_What you need to do_: Everything in the records should be repeated exactly, down to the last character.

_Given information_:
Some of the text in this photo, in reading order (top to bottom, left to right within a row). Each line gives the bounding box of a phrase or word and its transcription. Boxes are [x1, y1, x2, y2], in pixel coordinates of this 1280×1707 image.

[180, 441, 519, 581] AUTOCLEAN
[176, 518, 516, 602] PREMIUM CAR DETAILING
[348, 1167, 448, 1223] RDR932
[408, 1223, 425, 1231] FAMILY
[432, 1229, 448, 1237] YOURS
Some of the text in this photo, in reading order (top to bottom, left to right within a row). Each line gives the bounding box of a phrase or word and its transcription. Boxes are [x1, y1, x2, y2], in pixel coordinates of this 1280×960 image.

_Result of the exercise_:
Some of the text in this photo, in reading order (top to bottom, left to right within a row). Each line gives the bounding box of a phrase or word and its transcription. Boxes are [x1, y1, x2, y2], in pixel coordinates of this 1280×1707 image.

[180, 441, 519, 581] AUTOCLEAN
[176, 518, 516, 602] PREMIUM CAR DETAILING
[348, 1167, 448, 1223] RDR932
[408, 1223, 425, 1231] FAMILY
[432, 1229, 448, 1237] YOURS
Some of the text in this photo, in reading order (top to bottom, left to right within a row). Each line gives the bounding box of a phrase or word and its transcription. Boxes are [x1, y1, x2, y2], in pixel coordinates of this 1280×960 image.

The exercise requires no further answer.